--- DATA FOR THE TASK Enclosed Below ---

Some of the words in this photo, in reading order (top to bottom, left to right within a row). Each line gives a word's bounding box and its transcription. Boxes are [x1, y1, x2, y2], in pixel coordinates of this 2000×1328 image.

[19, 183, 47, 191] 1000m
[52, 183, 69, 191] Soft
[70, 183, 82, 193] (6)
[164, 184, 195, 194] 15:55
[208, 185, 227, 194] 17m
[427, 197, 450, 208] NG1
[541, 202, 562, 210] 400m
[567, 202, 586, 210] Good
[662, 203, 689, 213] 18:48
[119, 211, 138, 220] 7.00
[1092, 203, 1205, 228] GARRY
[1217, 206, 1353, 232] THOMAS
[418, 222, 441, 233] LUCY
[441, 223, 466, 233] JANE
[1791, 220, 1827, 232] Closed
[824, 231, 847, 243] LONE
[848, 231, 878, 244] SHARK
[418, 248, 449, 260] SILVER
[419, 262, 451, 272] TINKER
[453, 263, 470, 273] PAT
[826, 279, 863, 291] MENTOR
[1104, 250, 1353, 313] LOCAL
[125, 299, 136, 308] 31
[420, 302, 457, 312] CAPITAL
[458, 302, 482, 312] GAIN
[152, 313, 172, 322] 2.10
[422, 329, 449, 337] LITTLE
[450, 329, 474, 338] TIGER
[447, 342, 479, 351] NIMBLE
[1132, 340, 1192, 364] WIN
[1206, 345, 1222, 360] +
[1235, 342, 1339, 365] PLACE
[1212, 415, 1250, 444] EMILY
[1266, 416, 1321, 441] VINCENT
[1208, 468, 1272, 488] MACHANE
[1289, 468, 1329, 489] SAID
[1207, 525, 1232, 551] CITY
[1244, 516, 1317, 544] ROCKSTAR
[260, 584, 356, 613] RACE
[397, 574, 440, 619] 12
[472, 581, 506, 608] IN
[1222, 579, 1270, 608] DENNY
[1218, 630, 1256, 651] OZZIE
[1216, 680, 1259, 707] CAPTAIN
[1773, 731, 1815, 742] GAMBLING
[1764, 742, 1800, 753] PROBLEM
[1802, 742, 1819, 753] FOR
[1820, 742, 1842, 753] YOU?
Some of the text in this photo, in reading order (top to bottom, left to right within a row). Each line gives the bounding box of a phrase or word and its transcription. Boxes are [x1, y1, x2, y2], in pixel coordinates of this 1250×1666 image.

--- End of Enclosed DATA FOR THE TASK ---

**DIRECTIONS**
This calls for an exact transcription of every entry above.

**ANSWER TO THIS PROBLEM**
Some of the words in this photo, in reading order (top to bottom, left to right within a row). Each line gives a word's bounding box and its transcription. Boxes are [x1, y1, x2, y2], in pixel coordinates of this 2000×1328 image.

[19, 183, 47, 191] 1000m
[52, 183, 69, 191] Soft
[70, 183, 82, 193] (6)
[164, 184, 195, 194] 15:55
[208, 185, 227, 194] 17m
[427, 197, 450, 208] NG1
[541, 202, 562, 210] 400m
[567, 202, 586, 210] Good
[662, 203, 689, 213] 18:48
[119, 211, 138, 220] 7.00
[1092, 203, 1205, 228] GARRY
[1217, 206, 1353, 232] THOMAS
[418, 222, 441, 233] LUCY
[441, 223, 466, 233] JANE
[1791, 220, 1827, 232] Closed
[824, 231, 847, 243] LONE
[848, 231, 878, 244] SHARK
[418, 248, 449, 260] SILVER
[419, 262, 451, 272] TINKER
[453, 263, 470, 273] PAT
[826, 279, 863, 291] MENTOR
[1104, 250, 1353, 313] LOCAL
[125, 299, 136, 308] 31
[420, 302, 457, 312] CAPITAL
[458, 302, 482, 312] GAIN
[152, 313, 172, 322] 2.10
[422, 329, 449, 337] LITTLE
[450, 329, 474, 338] TIGER
[447, 342, 479, 351] NIMBLE
[1132, 340, 1192, 364] WIN
[1206, 345, 1222, 360] +
[1235, 342, 1339, 365] PLACE
[1212, 415, 1250, 444] EMILY
[1266, 416, 1321, 441] VINCENT
[1208, 468, 1272, 488] MACHANE
[1289, 468, 1329, 489] SAID
[1207, 525, 1232, 551] CITY
[1244, 516, 1317, 544] ROCKSTAR
[260, 584, 356, 613] RACE
[397, 574, 440, 619] 12
[472, 581, 506, 608] IN
[1222, 579, 1270, 608] DENNY
[1218, 630, 1256, 651] OZZIE
[1216, 680, 1259, 707] CAPTAIN
[1773, 731, 1815, 742] GAMBLING
[1764, 742, 1800, 753] PROBLEM
[1802, 742, 1819, 753] FOR
[1820, 742, 1842, 753] YOU?
Some of the text in this photo, in reading order (top to bottom, left to right within a row). Each line gives the bounding box of a phrase or word and its transcription. Boxes are [x1, y1, x2, y2], in pixel coordinates of this 1250×1666 image.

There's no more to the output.